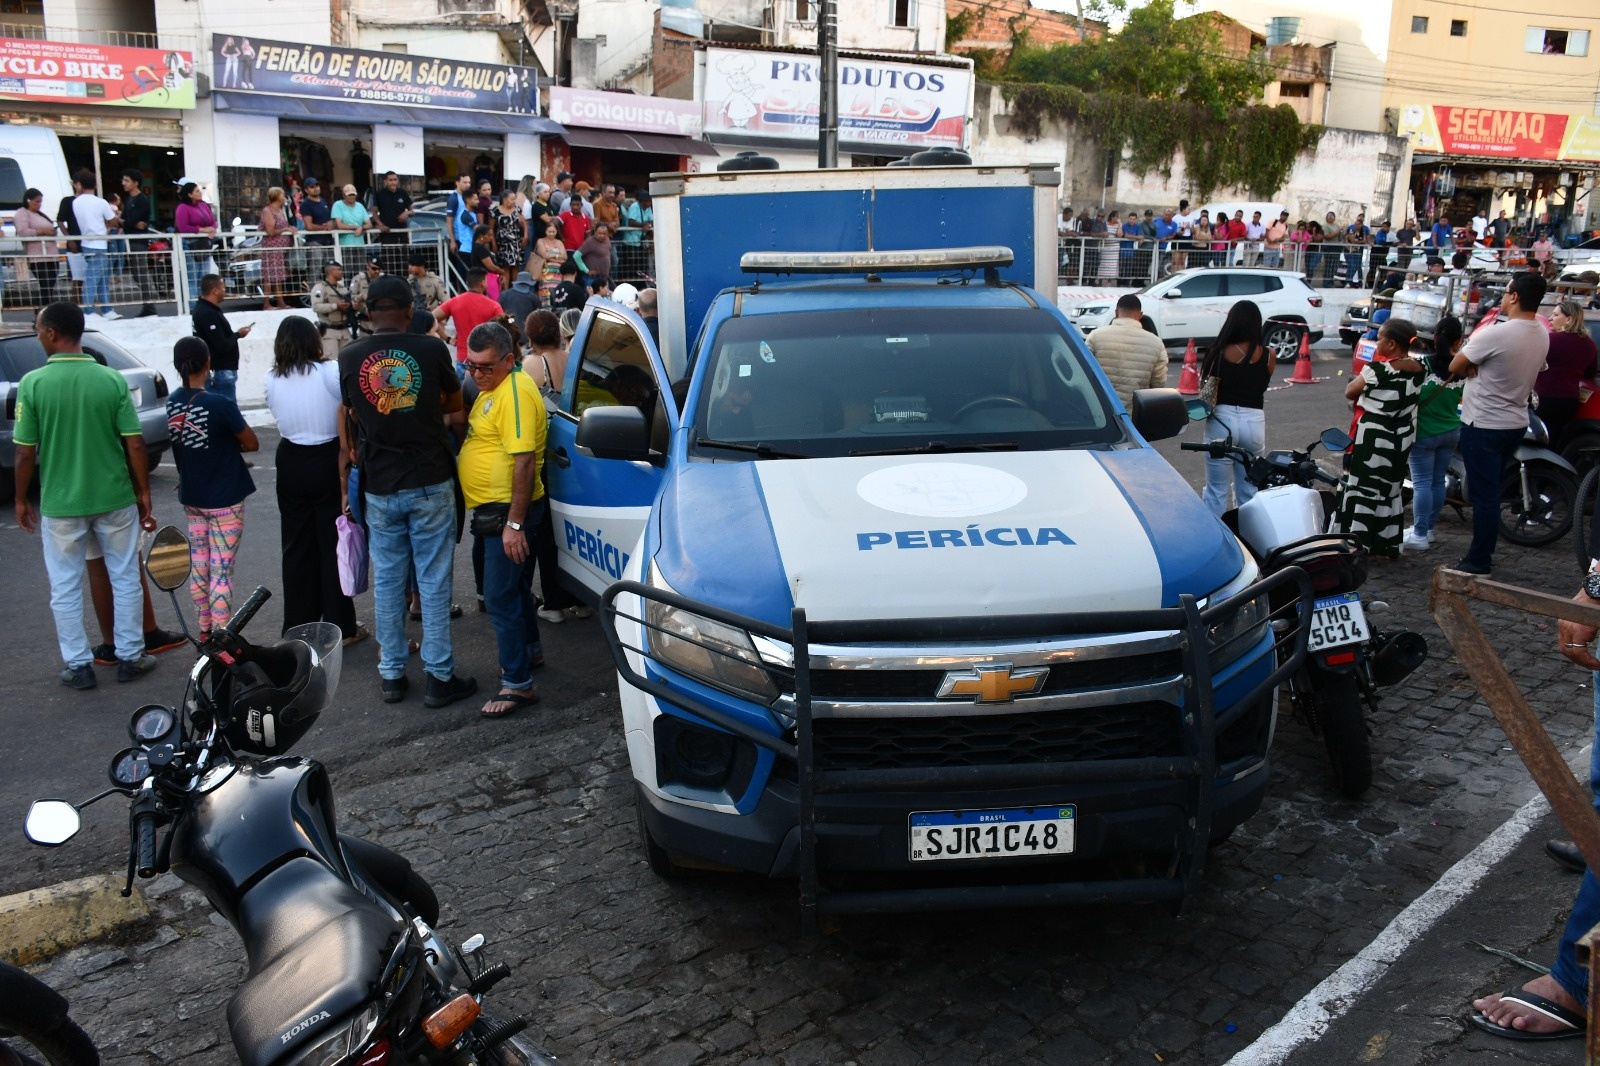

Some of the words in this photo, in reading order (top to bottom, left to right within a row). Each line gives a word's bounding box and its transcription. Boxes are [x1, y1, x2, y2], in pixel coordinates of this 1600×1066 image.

[63, 60, 124, 80] BIKE
[255, 45, 325, 74] FEIRÃO
[327, 53, 354, 77] DE
[355, 55, 413, 83] ROUPA
[416, 59, 452, 87] SÃO
[453, 66, 506, 92] PAULO
[771, 60, 945, 92] PRDUTOS
[343, 87, 357, 98] 77
[571, 101, 677, 126] CONQUISTA
[1447, 107, 1546, 144] SECMAQ
[863, 129, 909, 140] VAREJO
[856, 523, 1077, 551] PERÍCIA
[1313, 605, 1352, 626] TMQ
[1316, 599, 1341, 609] BRASIL
[1311, 621, 1362, 647] 5C14
[979, 814, 1007, 822] BRASIL
[926, 823, 1058, 856] SJR1C48
[913, 849, 923, 859] BR
[281, 1010, 331, 1044] HONDA

::::

* How to complete this task
None of the pictures should appear; copy the rest of the material above exactly.

* Answer section
Some of the words in this photo, in reading order (top to bottom, left to right within a row). Each line gives a word's bounding box and its transcription. Boxes are [x1, y1, x2, y2], in pixel coordinates of this 1600×1066 image.

[63, 60, 124, 80] BIKE
[255, 45, 325, 74] FEIRÃO
[327, 53, 354, 77] DE
[355, 55, 413, 83] ROUPA
[416, 59, 452, 87] SÃO
[453, 66, 506, 92] PAULO
[771, 60, 945, 92] PRDUTOS
[343, 87, 357, 98] 77
[571, 101, 677, 126] CONQUISTA
[1447, 107, 1546, 144] SECMAQ
[863, 129, 909, 140] VAREJO
[856, 523, 1077, 551] PERÍCIA
[1313, 605, 1352, 626] TMQ
[1316, 599, 1341, 609] BRASIL
[1311, 621, 1362, 647] 5C14
[979, 814, 1007, 822] BRASIL
[926, 823, 1058, 856] SJR1C48
[913, 849, 923, 859] BR
[281, 1010, 331, 1044] HONDA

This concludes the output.